Geometric Interpretation
Inner product: measures similarity between vectors.
Norm: length of a vector.
Angle: measure of alignment between two directions.
These concepts unify algebraic operations with geometric intuition.
Why this matters
Inner products and norms allow us to extend geometry into abstract vector spaces. They form the basis of orthogonality, projections, Fourier series, least squares approximation, and many applications in physics and machine learning.
Exercises 7.1
Compute $\langle (2,-1,3), (1,4,0) \rangle$ . Then find the angle between them. Show that $|(x,y)| = \sqrt{x^2+y^2}$ satisfies the properties of a norm. In $\mathbb{R}^3$ , verify that $(1,1,0)$ and $(1,-1,0)$ are orthogonal. In $C[0,1]$ , compute $\langle f,g \rangle$ for $f(x)=x$ , $g(x)=1$ . Prove the Cauchy–Schwarz inequality: $$ |\langle \mathbf{u}, \mathbf{v} \rangle| \leq |\mathbf{u}| , |\mathbf{v}|. $$
7.2 Orthogonal Projections
One of the most useful applications of inner products is the notion of orthogonal projection. Projection allows us to approximate a vector by another lying in a subspace, minimizing error in the sense of distance. This idea underpins geometry, statistics, and numerical analysis.
Projection onto a Line
Let $\mathbf{u} \in \mathbb{R}^n$ be a nonzero vector. The line spanned by $\mathbf{u}$ is
$$ L = { c\mathbf{u} \mid c \in \mathbb{R} }. $$
Given a vector $\mathbf{v}$ , the projection of $\mathbf{v}$ onto $\mathbf{u}$ is the vector in $L$ closest to $\mathbf{v}$ . Geometrically, it is the shadow of $\mathbf{v}$ on the line.
The formula is
$$ \text{proj}_{\mathbf{u}}(\mathbf{v}) = \frac{\langle \mathbf{v}, \mathbf{u} \rangle}{\langle \mathbf{u}, \mathbf{u} \rangle} , \mathbf{u}. $$
The error vector $\mathbf{v} - \text{proj}_{\mathbf{u}}(\mathbf{v})$ is orthogonal to $\mathbf{u}$ .
Example 7.2.1
Let $\mathbf{u} = (1,2)$ , $\mathbf{v} = (3,1)$ .
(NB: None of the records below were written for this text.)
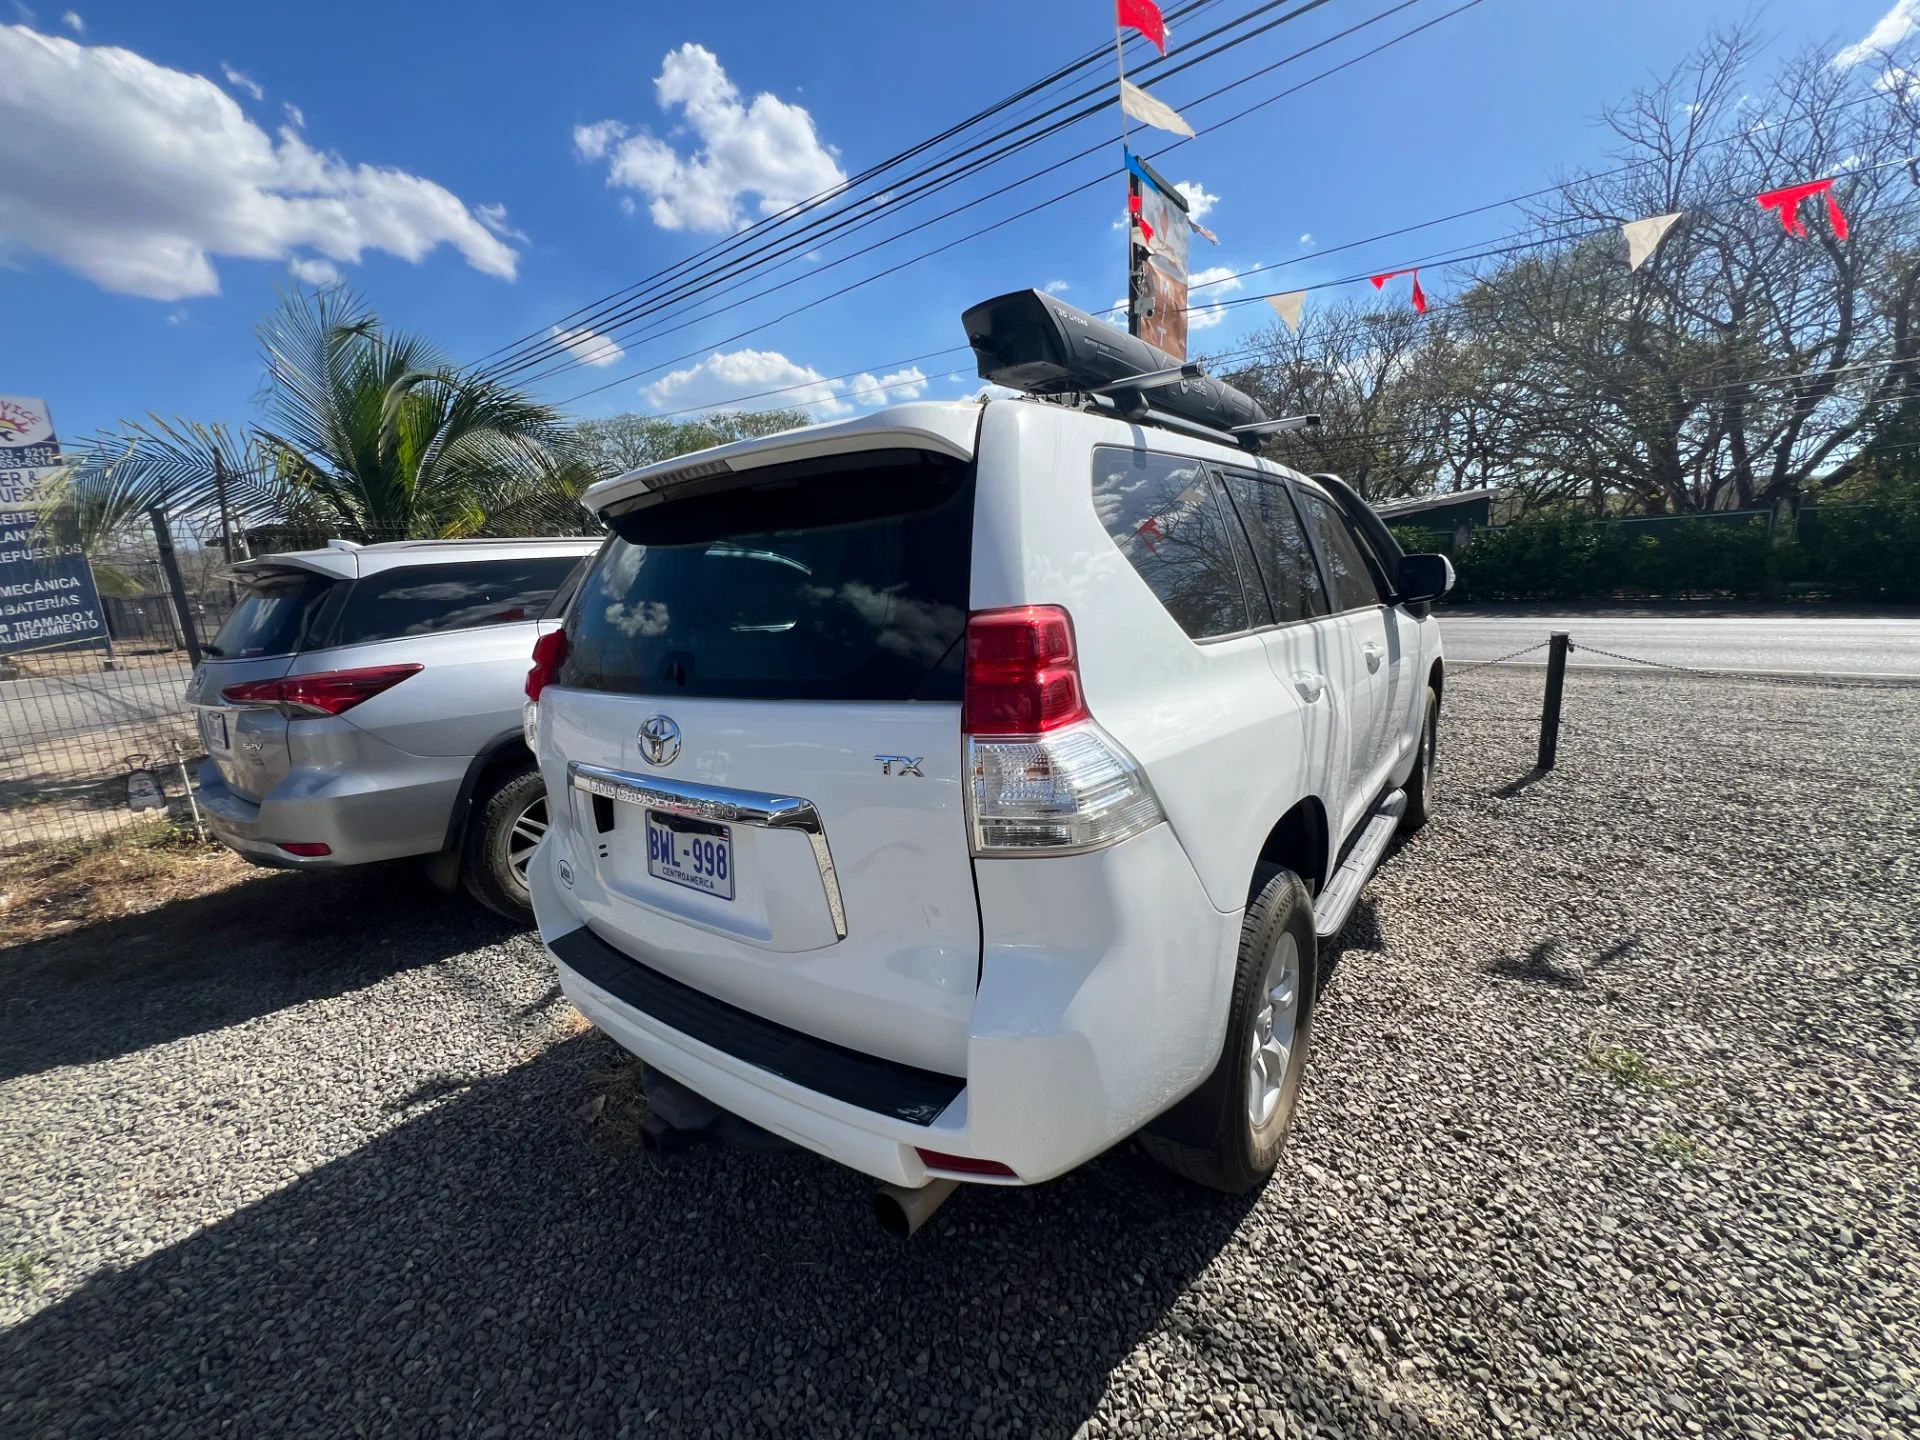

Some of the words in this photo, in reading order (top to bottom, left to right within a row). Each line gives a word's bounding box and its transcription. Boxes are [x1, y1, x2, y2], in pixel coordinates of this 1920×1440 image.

[0, 576, 81, 597] MECÁNICA
[4, 594, 80, 616] BATERÍAS
[0, 619, 99, 644] ALINEAMIENTO
[12, 612, 82, 632] TRAMADO
[84, 609, 94, 620] Y
[874, 755, 925, 778] TX
[650, 827, 728, 881] BWL-998
[662, 866, 715, 889] CENTROAMERICA
$$ \langle \mathbf{v}, \mathbf{u} \rangle = 3\cdot 1 + 1\cdot 2 = 5, \quad \langle \mathbf{u}, \mathbf{u} \rangle = 1^2 + 2^2 = 5. $$
So
$$ \text{proj}_{\mathbf{u}}(\mathbf{v}) = \frac{5}{5}(1,2) = (1,2). $$
The error vector is $(3,1) - (1,2) = (2,-1)$ , which is orthogonal to $(1,2)$ .
Projection onto a Subspace
Suppose $W \subseteq \mathbb{R}^n$ is a subspace with orthonormal basis ${ \mathbf{w}_1, \dots, \mathbf{w}_k }$ . The projection of a vector $\mathbf{v}$ onto $W$ is
$$ \text{proj}_{W}(\mathbf{v}) = \langle \mathbf{v}, \mathbf{w}_1 \rangle \mathbf{w}_1 + \cdots + \langle \mathbf{v}, \mathbf{w}_k \rangle \mathbf{w}_k. $$
This is the unique vector in $W$ closest to $\mathbf{v}$ . The difference $\mathbf{v} - \text{proj}_{W}(\mathbf{v})$ is orthogonal to all of $W$ .
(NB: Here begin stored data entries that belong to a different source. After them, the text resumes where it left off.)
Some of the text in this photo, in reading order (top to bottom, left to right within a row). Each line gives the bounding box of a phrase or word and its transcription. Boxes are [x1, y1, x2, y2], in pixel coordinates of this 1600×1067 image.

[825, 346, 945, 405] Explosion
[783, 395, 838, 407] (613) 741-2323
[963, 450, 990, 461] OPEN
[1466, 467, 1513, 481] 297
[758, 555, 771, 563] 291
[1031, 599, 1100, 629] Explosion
Least Squares Approximation
Orthogonal projection explains the method of least squares. To solve an overdetermined system $A\mathbf{x} \approx \mathbf{b}$ , we seek the $\mathbf{x}$ that makes $A\mathbf{x}$ the projection of $\mathbf{b}$ onto the column space of $A$ . This gives the normal equations
$$ A^T A \mathbf{x} = A^T \mathbf{b}. $$
Thus, least squares is just projection in disguise.
Geometric Interpretation
Projection finds the closest point in a subspace to a given vector.
It minimizes distance (error) in the sense of Euclidean norm.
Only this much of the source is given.